• **BRIEF**
All that is wanted is the span of lines from the one with "this 2000×1500 image." to the last line of the data, copied exactly.
+++++
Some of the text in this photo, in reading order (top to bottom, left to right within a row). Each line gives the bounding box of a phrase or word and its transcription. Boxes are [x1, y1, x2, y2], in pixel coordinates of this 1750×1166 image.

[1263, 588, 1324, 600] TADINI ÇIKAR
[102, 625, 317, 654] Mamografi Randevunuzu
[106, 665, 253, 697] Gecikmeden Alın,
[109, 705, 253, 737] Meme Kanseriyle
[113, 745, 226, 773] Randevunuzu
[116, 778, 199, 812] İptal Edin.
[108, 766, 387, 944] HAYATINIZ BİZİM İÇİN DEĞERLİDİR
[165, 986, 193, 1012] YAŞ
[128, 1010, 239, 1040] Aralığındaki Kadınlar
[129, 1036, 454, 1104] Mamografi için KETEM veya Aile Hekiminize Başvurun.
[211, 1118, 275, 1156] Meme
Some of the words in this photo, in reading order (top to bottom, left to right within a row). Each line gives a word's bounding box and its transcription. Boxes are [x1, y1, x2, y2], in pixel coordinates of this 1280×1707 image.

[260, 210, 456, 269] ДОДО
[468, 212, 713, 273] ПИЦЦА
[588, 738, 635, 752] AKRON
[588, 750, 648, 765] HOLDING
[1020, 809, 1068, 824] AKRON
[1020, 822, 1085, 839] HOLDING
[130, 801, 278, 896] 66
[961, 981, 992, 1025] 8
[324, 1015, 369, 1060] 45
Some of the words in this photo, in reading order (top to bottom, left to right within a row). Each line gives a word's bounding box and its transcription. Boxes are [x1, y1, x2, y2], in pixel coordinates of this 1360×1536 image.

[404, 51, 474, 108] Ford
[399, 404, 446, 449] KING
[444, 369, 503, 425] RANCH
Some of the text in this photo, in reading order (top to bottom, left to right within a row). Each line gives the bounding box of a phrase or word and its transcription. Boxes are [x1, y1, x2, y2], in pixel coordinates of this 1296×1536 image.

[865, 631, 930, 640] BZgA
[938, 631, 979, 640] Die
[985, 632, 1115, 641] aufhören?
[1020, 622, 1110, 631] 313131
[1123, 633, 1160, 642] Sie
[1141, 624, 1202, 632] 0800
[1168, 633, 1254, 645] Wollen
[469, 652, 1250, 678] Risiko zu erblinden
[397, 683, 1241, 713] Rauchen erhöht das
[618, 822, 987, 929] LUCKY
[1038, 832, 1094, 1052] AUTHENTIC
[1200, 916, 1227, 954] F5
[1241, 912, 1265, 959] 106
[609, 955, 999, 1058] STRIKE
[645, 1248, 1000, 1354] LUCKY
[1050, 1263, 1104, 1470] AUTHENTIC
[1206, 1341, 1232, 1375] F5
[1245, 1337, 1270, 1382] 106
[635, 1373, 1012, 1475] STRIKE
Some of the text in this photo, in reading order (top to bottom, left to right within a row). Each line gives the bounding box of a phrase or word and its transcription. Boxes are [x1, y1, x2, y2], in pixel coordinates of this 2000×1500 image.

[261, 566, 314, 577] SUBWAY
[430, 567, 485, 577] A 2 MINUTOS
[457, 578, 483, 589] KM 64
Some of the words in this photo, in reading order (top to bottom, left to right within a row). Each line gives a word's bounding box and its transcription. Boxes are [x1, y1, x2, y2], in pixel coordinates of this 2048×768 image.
+++++
• **SOLUTION**
Some of the text in this photo, in reading order (top to bottom, left to right within a row). Each line gives the bounding box of a phrase or word and its transcription. Boxes are [x1, y1, x2, y2], in pixel coordinates of this 2000×1500 image.

[261, 566, 314, 577] SUBWAY
[430, 567, 485, 577] A 2 MINUTOS
[457, 578, 483, 589] KM 64
Some of the words in this photo, in reading order (top to bottom, left to right within a row). Each line gives a word's bounding box and its transcription. Boxes are [x1, y1, x2, y2], in pixel coordinates of this 2048×768 image.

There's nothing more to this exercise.